Hello Satbir,
I see you've already received a number of excellent answers to your question so I won't repeat what's already been said.
The main problem most new investors face is how to handle contradictions expounded by the various experts.
Just as there are many types of people in this world, there are many types of investors who follow many different types of investment strategies.
And many of these strategies contradict each other. It's funny because everyone's ultimate goal is to end up with more money at some point in the future, but the path each type of person takes to reach that goal is vastly different.
So, if you're new to investing you need to determine which path you want to take. Is it a short-term trading strategy, do you want to day trade, are you a buy and hold investor or something in between? (Keep in mind that you can mix and match strategies if you like, for example your retirement savings might be managed with a long-term strategy while a portion of your non-retirement funds might be day-traded.)
As soon as you decide on your strategy, things become clearer.
Of course some things are relevant regardless of the strategy you choose to implement.
First and foremost is risk management. Most new investors focus solely on returns. That's a big mistake. Whether you're day trading or investing for the long-term, you need to focus first on risk and then on returns.
AIM provides one type of risk management and as such you need to feed it stocks that can be used with that risk strategy. Mainly that means selecting undervalued, fundamentally solid stocks that are volatile and then diversifying and allocating appropriately.
If you have limited funds, then sector ETFs are great because they generally have low expenses and provide instant diversification.
Note that I said sector ETFs rather than just ETFs that mimic a broad index.
The reason is to attempt to capture volatility. If you simply invest in a broad index, much of the volatility of its components will be cancelled out. By splitting into sectors, you should get diversification plus increased volatility.
If you have more funds (e.g. $30,000 +) and some experience behind you, then individual stocks are the way to go (that's my opinion only, you have to decide for yourself if you're comfortable with individual stocks).
By selecting undervalued fundamentally sound stocks you limit your risk when the price drops. Good stocks can drop as we've all seen, but because of their earnings over a relatively long time frame, they tend to hit a bottom and then rebound.
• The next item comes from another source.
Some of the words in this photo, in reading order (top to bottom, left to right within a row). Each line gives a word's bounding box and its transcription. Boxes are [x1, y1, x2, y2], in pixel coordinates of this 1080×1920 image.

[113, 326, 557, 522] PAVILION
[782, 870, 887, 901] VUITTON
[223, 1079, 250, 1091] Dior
Fundamentally shaky stocks (and stocks that are overvalued, whether fundamentally sound or not), tend to drop and not recover or are either delisted or go bankrupt (these are not good candidates for AIM, although they might be excellent candidates for other strategies).
So if you've done your homework and selected the appropriate AIM stocks, you should not have to worry about purchasing when the price drops, because you know that over time it should come back up (if that's the case, then you might as well pick up some bargains along the way).
Compare this with a short-term strategy. If you're in for a day or a week or 2 weeks, then if the price starts to come down, you will most likely want to cut your losses and sell. That's because your time horizon is so short that you can't be sure the stock will rebound in the next day or week or 2 weeks.
If you're following this type of strategy, then you would definitely not want to average down by purchasing more. You'd simply take your loss and find the next short-term darling.
To summarize, if you've decided to use AIM for all or part of your investments, then the following steps should help....
1) Have a longer term time frame (4+ years) in mind.
2) Select only undervalued, quality stocks that are fundamentally sound. Or select sector ETFs.
3) Diversify according to a proven strategy (generally you should look to hold stocks/ETFs with low correlations).
4) Allocate according to a proven strategy (there are many ways to allocate).
5) Manage your equity positions with AIM (although there are a number of AIM variations, stick with a By the Book strategy to start with until you build up some experience).
6) Periodically check to ensure your selected stocks haven't changed for the worse fundamentally or become ridiculously overvalued. If so, find a new stock to replace it (if you're using sector ETFs, you don't have to worry about step 6).
And that's about it in a nutshell.
The other thing you might want to check out is Tom's Idiot Wave. It gives you an indication of how much equity (as a percentage of your initial investment amount) you might want to allocate to equities.